Use of AstraZeneca's coronavirus vaccine suspended in Denmark, Norway, Iceland
Denmark, Norway, and Iceland have temporarily suspended the use of the coronavirus vaccine developed by British-Swedish pharma giant AstraZeneca as several patients developed blood clots after getting the jab. The decision came even as the drug manufacturer and Europe's medicines watchdog claimed the vaccine is safe. Meanwhile, France's minister said the nation's health authorities see no reason to suspend the use of the vaccine.
Following serious cases of blood clots, Denmark took the decision
Denmark's authorities said the call was taken "following reports of serious cases of blood clots" among people.
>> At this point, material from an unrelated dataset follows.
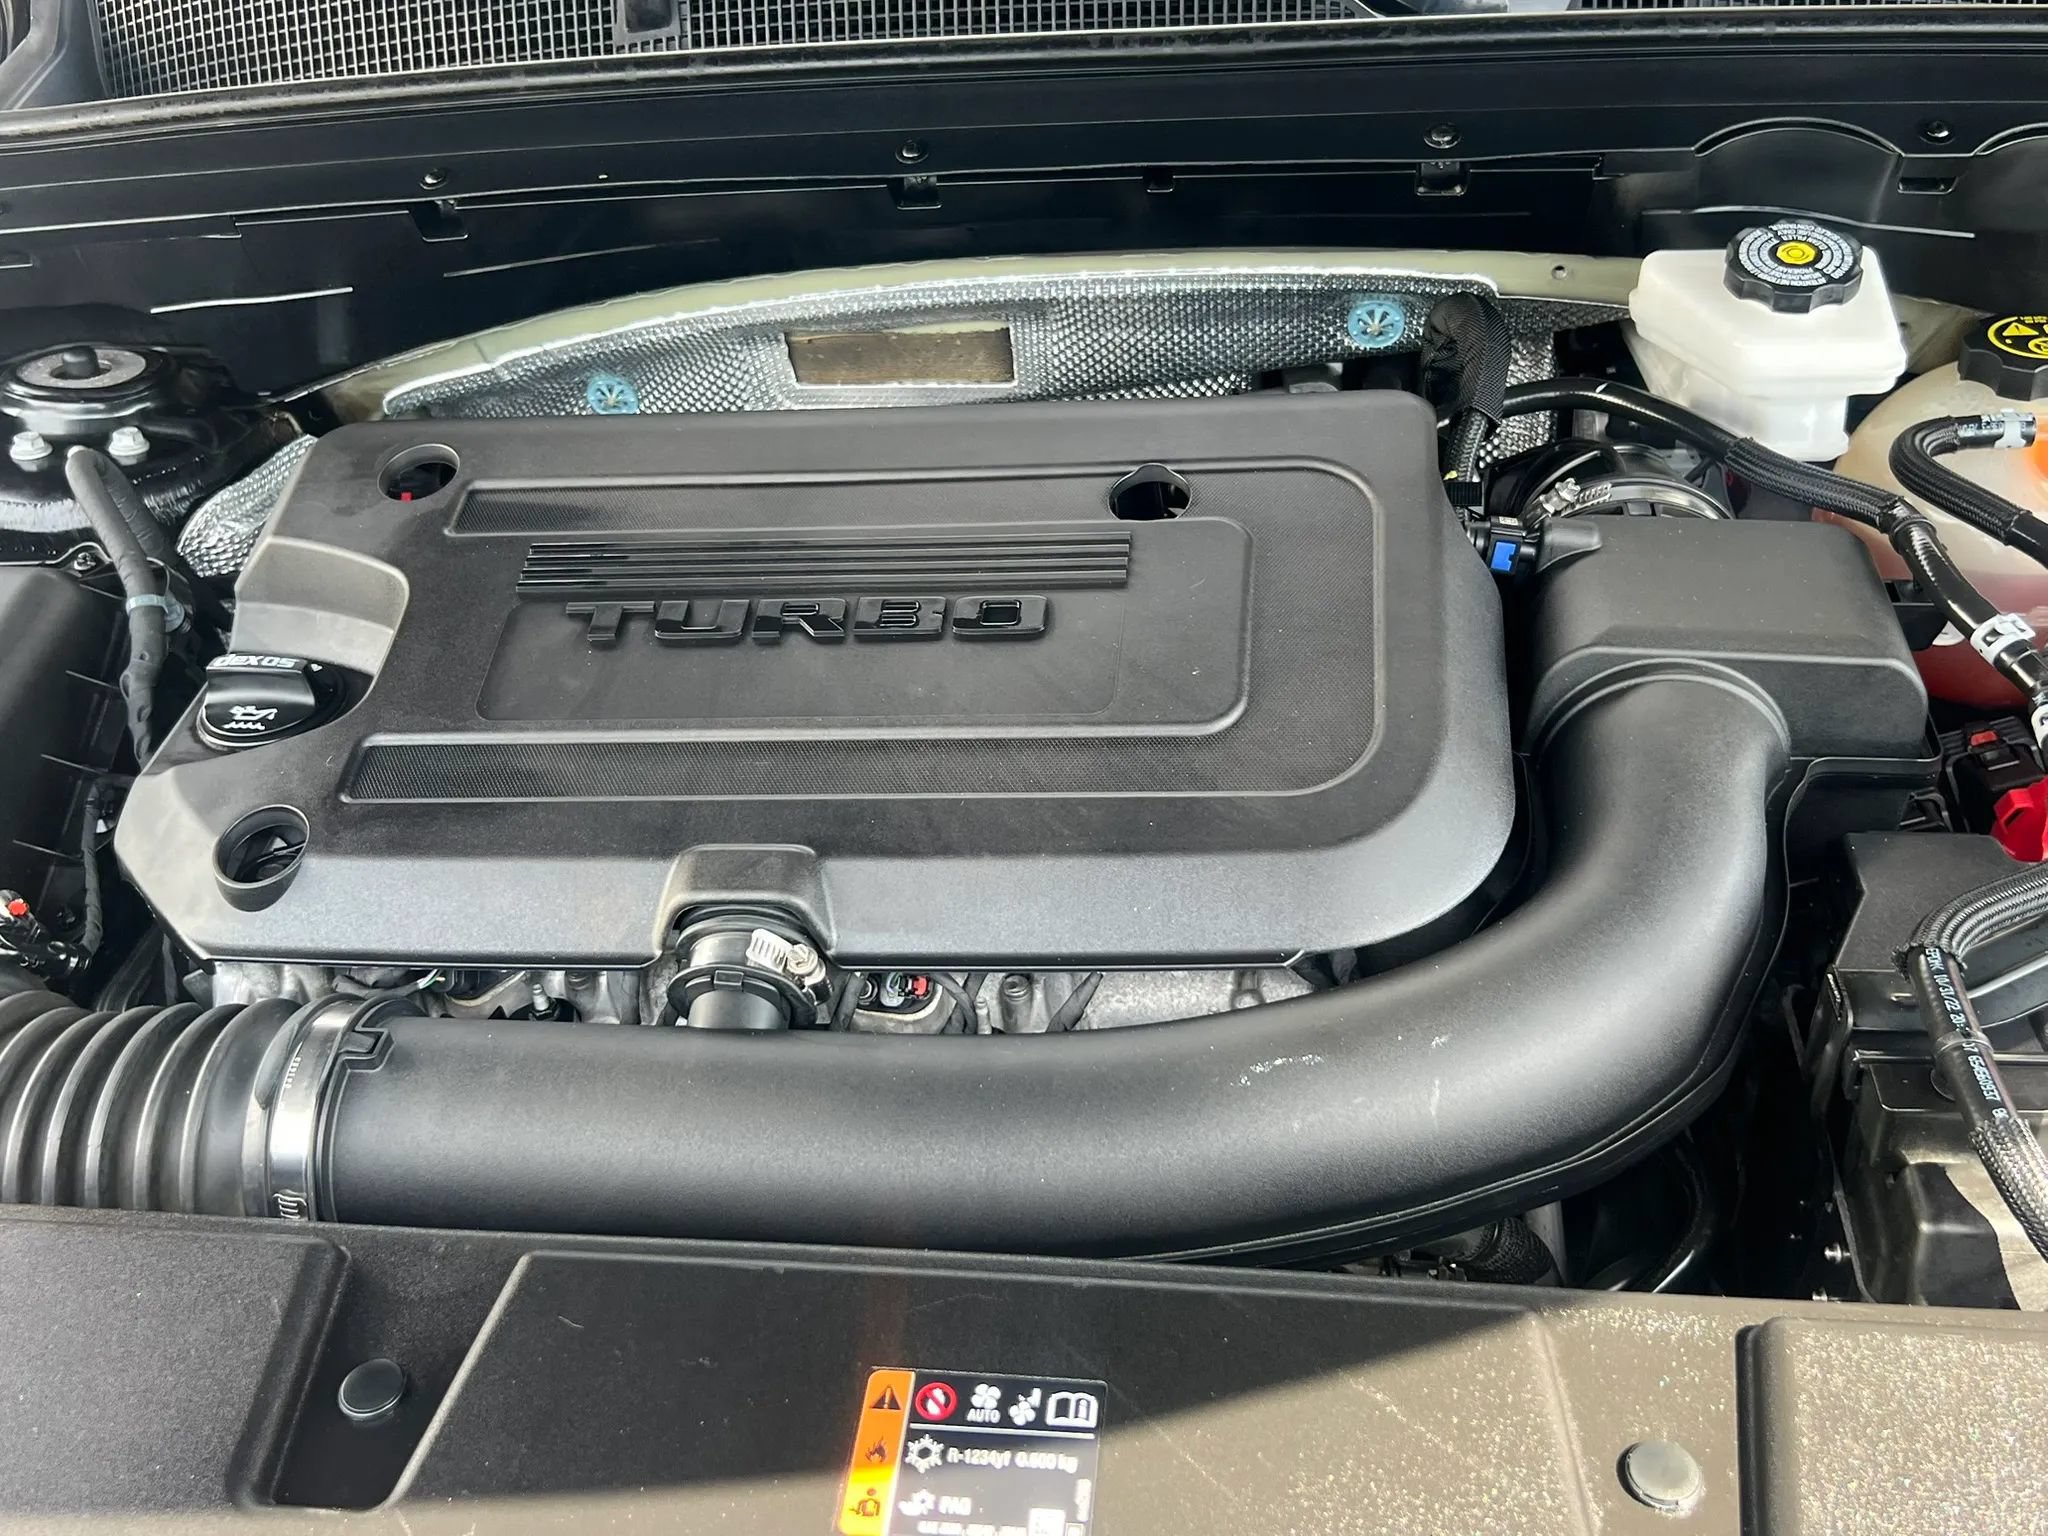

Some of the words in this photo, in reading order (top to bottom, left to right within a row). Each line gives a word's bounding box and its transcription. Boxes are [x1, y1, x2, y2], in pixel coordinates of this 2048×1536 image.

The nation dubbed the move precautionary, adding that "it has not been determined, at the time being, that there is a link between the vaccine and the blood clots." Norway and Iceland made similar announcements. The vaccine has been developed by AstraZeneca in collaboration with the University of Oxford.
Austria stopped using one batch of the vaccine
On Monday, Austria declared that it won't use doses from one batch of AstraZeneca vaccines as a 49-year-old nurse had died of "severe blood coagulation problems" merely days after getting inoculated. Other nations that made similar announcements are Estonia, Latvia, Lithuania, and Luxembourg. The batch contains nearly one million doses of the vaccine and was distributed among 17 European nations, reports AFP.
EMA said 22 cases of blood clots surfaced
As per the European Medicines Agency (EMA), until March 9, 22 cases of blood clots were reported among over three million people who have been inoculated in the European Economic Area. On Wednesday, the body, citing preliminary probe, claimed that the batch of AstraZeneca's vaccines was not linked to the death of the Austrian nurse. Britain also defended the vaccine calling it both safe and effective.
Risks linked to vaccine have to be examined: Danish PM
The suspension in Denmark, which will be reviewed in two weeks, will delay its vaccination drive. While earlier the nation hoped to vaccinate its entire adult population by early July, the group could be vaccinated by mid-August now. Saying that she was saddened by the development, Prime Minister Mette Frederiksen added, "There are some risks linked to the AstraZeneca vaccine that need to be examined more closely."
Separately, France said benefits of vaccine are higher than risks
Meanwhile, French Health Minister Olivier Veran revealed the country isn't planning to take a similar decision. "The benefits of the AstraZeneca vaccine are higher than the risks," Veran said. The drugmaker junked concerns related to the vaccine. "The safety of the vaccine has been extensively studied in phase III clinical trials and peer-reviewed data confirms the vaccine has been generally well-tolerated," a spokesperson said.